Le lendemain, d’Archiane, juste à côté de Menée où nous laissons nos voitures, nous avons une vue sur le cirque du même nom, falaises ambrées se dressant devant nous; mais un passage se devine, d’où arrive la rivière. Nous empruntons un sentier de forêt assez raide nous rapprochant des falaises et surplombant le lit de la rivière, nous entrons dans le cirque. Bientôt nous suivons le lit du torrent asséché, certains passages ne sont que des éboulis de pierres. Finalement, quittant l’axe du vallon, nous grimpons les 200 derniers mètres de dénivelé nous séparant du plateau du Vercors dans le pierrier, que du galet roulant, bougeant sous les pieds. Un sentier en lacets y chemine, comme si un petit lutin y avait groupé les cailloux plus petits, les déposant pour constituer une trace aplanie, cassant la ligne de pente. Le cairn du haut dépassé, majestueux et radical changement de paysage, nous nous baladons à plat, parmi des pins isolés, de belles prairies bien vertes et plus loin du calcaire, des lapiaz aux trous de forme alambiquée. Des mousses et des plantes grasses émergent du calcaire, quelques grammes de terre suffisent à leur développement. Nous arrêtons notre balade par un excellent pique-nique, comme chaque jour, et rebroussons chemin. La pluie menace et le dénivelé du jour a déjà été conséquent pour nous, plus de 1100m.

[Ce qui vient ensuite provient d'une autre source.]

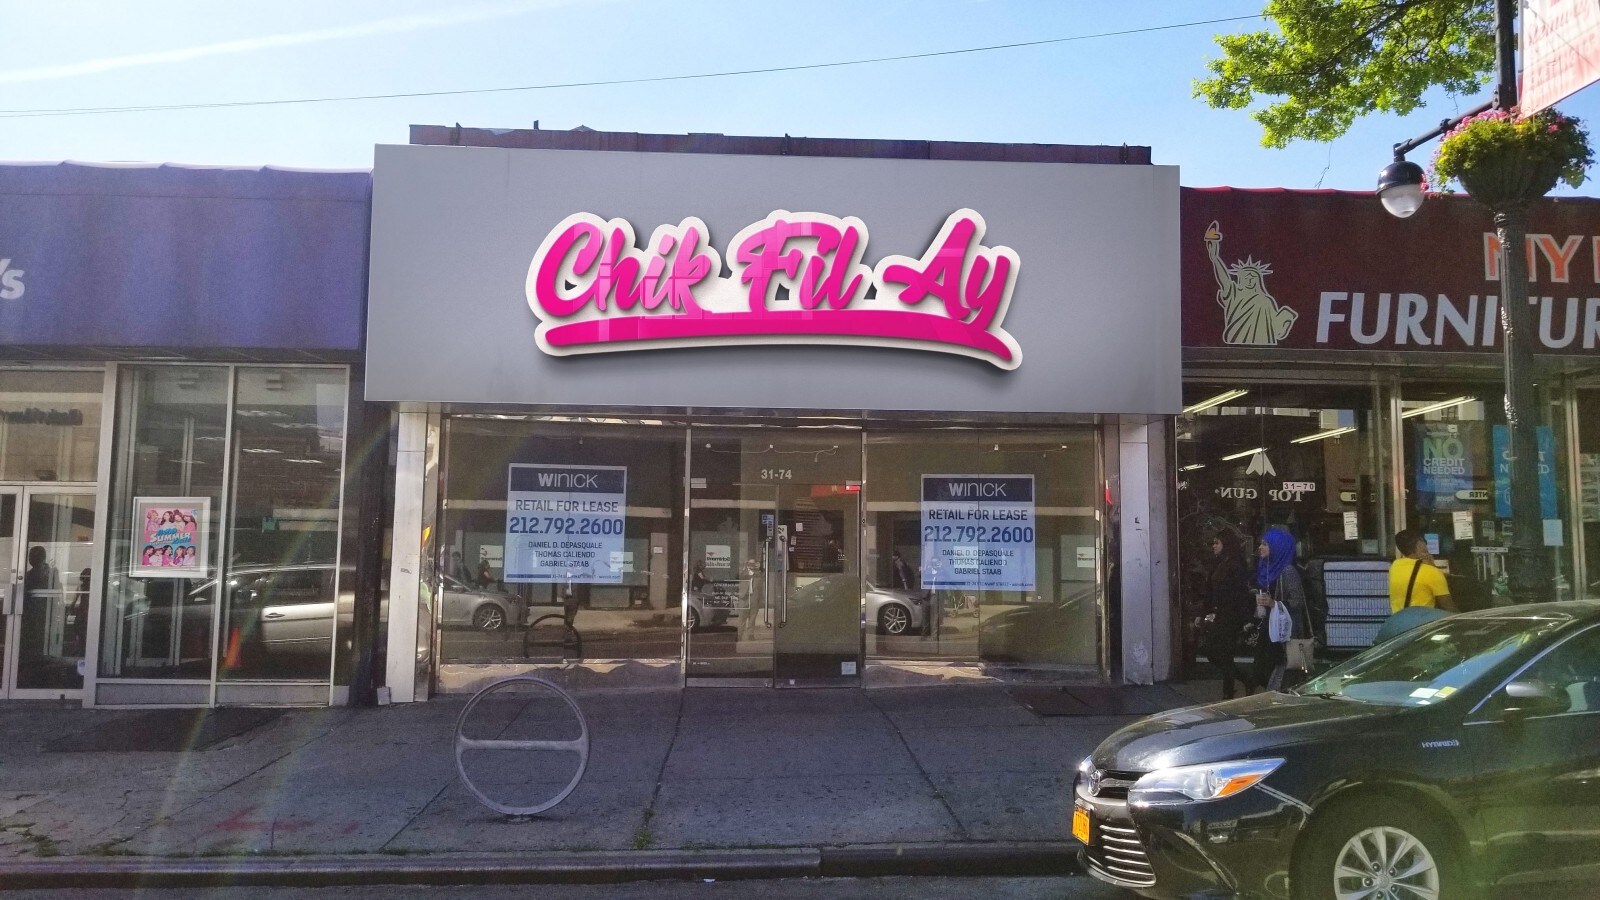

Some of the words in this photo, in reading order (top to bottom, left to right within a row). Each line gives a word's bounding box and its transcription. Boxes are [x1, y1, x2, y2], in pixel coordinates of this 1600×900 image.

Après une seconde soirée à partager un excellent repas autour de la grande table, en écoutant quelques étapes de l’histoire de cette bergerie, comme le nettoyage des murs noircis par la fumée, ou le fait que le chamois empaillé trônant sur son rocher au salon (un vrai chamois sur un vrai rocher) avait été laissé à cette place par l’ancien chasseur habitant le lieu; nous continuons seuls notre voyage.


Je retiendrai la beauté des forêts, la diversité de la végétation, les lignes douces du relief du début et les points de vue, la forme caractéristiques des 3 Becs, le synclinal perché mais aussi le plaisir de marcher de longues étapes, certains hébergements au charme particulier, le plaisir de partager, la dynamique et l’énergie supplémentaire dégagée par le groupe et plus spécialement lors des montées gravies au même rythme entre copines. J’ai évidemment été rassurée d’avoir retrouvé mon souffle après la pause forcée du dernier hiver et la radiothérapie.